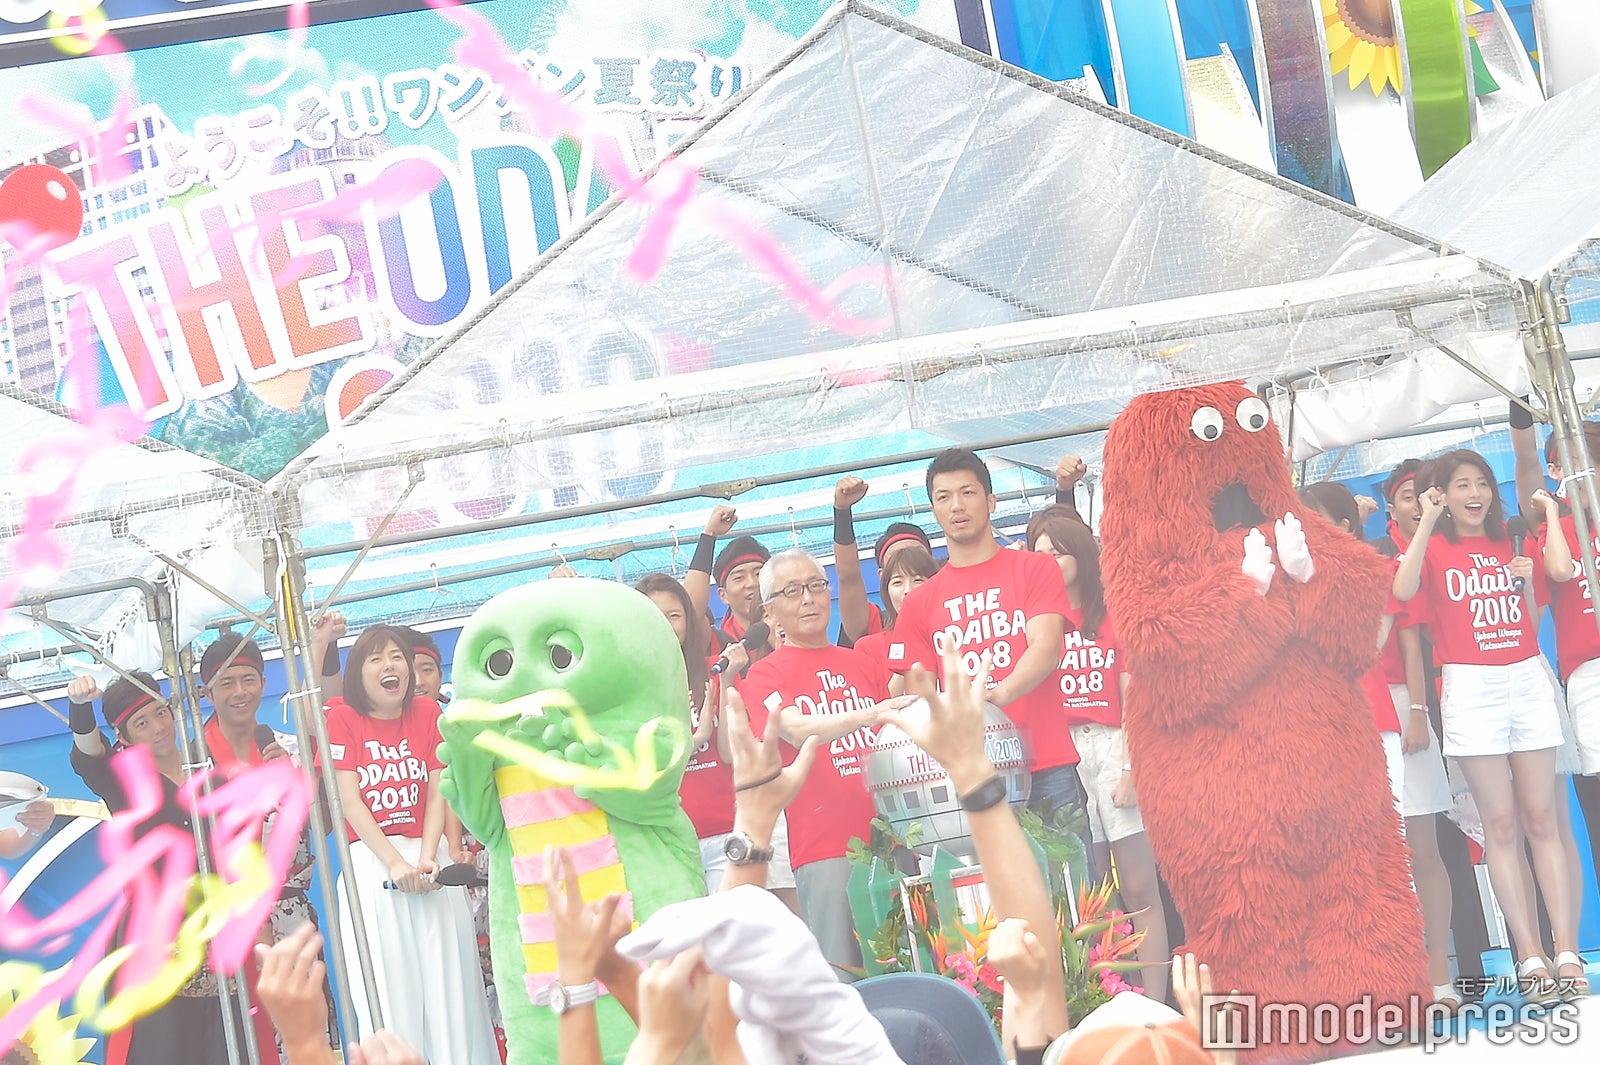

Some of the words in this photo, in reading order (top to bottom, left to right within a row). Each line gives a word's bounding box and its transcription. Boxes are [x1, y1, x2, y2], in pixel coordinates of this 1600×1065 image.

[46, 174, 366, 413] THE
[1468, 553, 1500, 569] The
[943, 587, 1002, 622] THE
[1469, 595, 1523, 629] 2018
[932, 609, 1027, 657] ODAIBA
[962, 640, 1012, 677] 018
[1057, 647, 1115, 671] AIBA
[815, 669, 848, 692] The
[1060, 670, 1104, 695] 018
[364, 738, 412, 761] THE
[907, 753, 937, 776] THE
[995, 737, 1023, 761] 2018
[365, 783, 420, 813] 2018
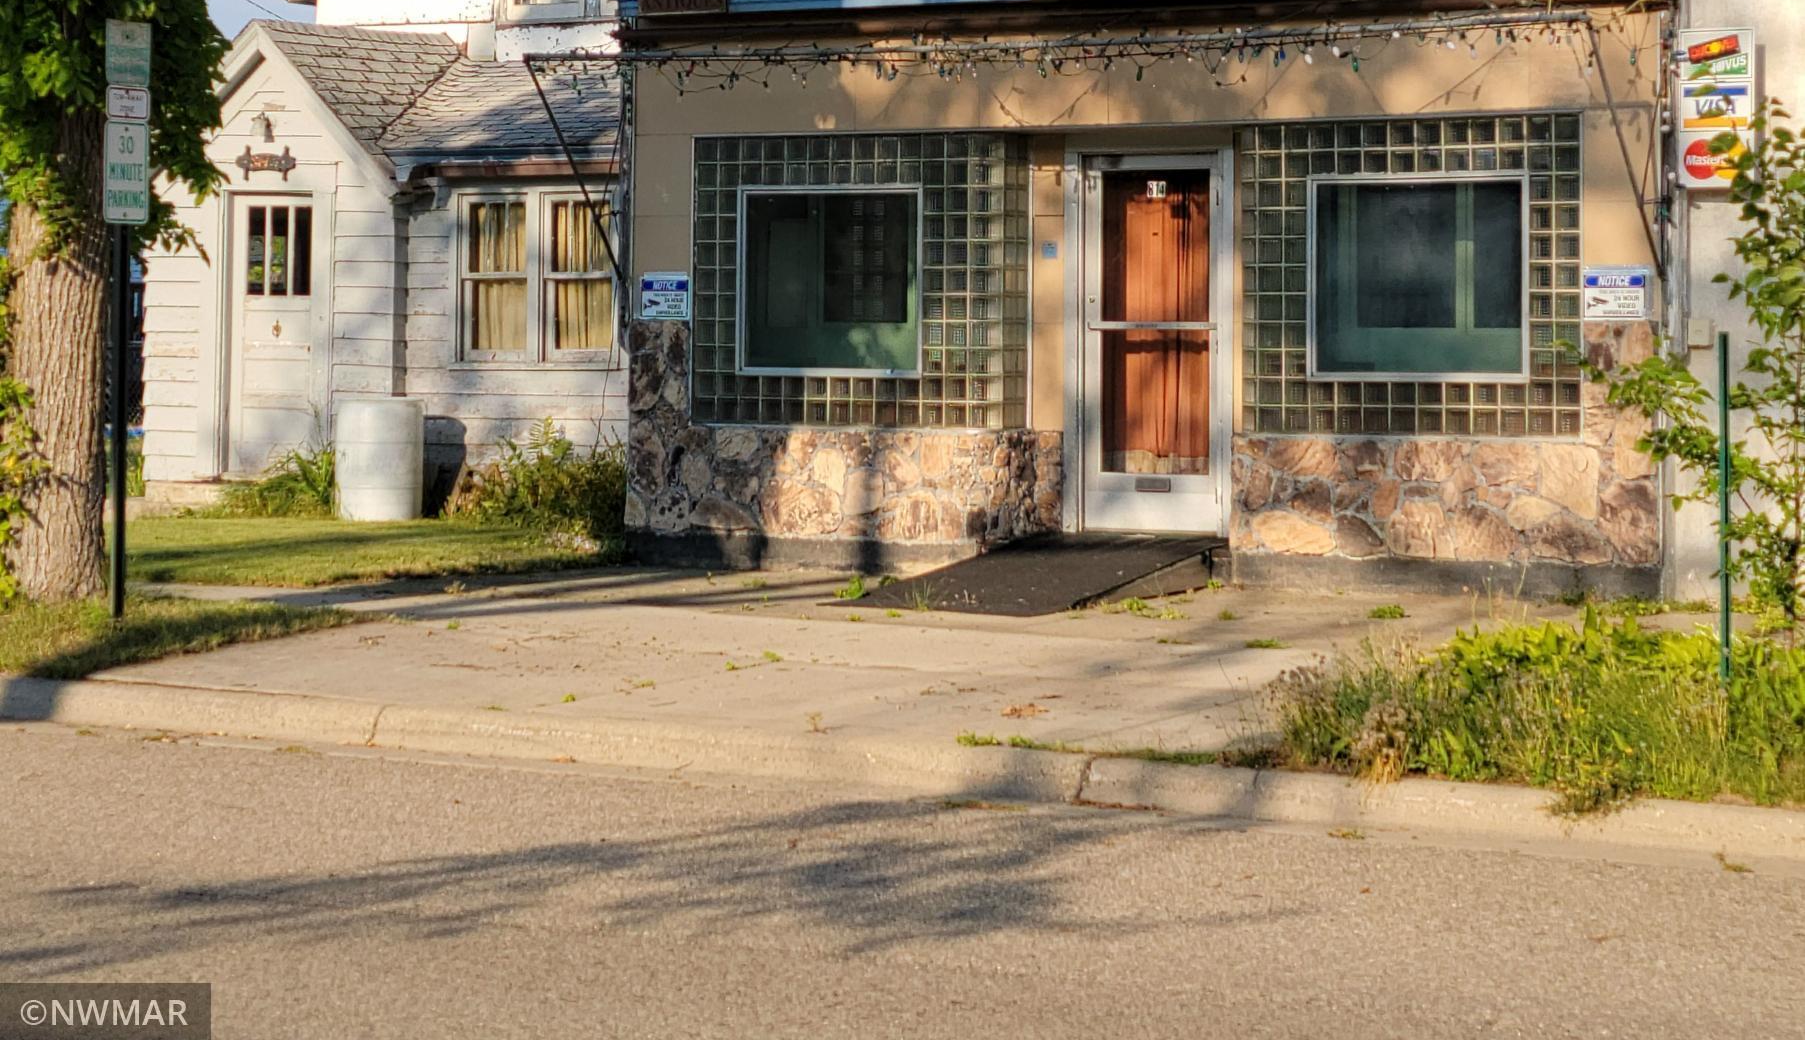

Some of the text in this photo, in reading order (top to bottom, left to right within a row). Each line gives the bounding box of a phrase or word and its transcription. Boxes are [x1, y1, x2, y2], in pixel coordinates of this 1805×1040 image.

[1695, 98, 1736, 115] VISA
[118, 135, 134, 154] 30
[108, 163, 143, 181] MINUTE
[1147, 181, 1166, 198] 814
[107, 189, 144, 209] PARKING
[653, 280, 677, 290] NOTICE
[1598, 275, 1630, 287] NOTICE
----------
• Work instructions: Only the lines from the one with "Some of the text" through the last line of the records belong in the answer, each copied exactly.

• Final answer:
Some of the text in this photo, in reading order (top to bottom, left to right within a row). Each line gives the bounding box of a phrase or word and its transcription. Boxes are [x1, y1, x2, y2], in pixel coordinates of this 1805×1040 image.

[1695, 98, 1736, 115] VISA
[118, 135, 134, 154] 30
[108, 163, 143, 181] MINUTE
[1147, 181, 1166, 198] 814
[107, 189, 144, 209] PARKING
[653, 280, 677, 290] NOTICE
[1598, 275, 1630, 287] NOTICE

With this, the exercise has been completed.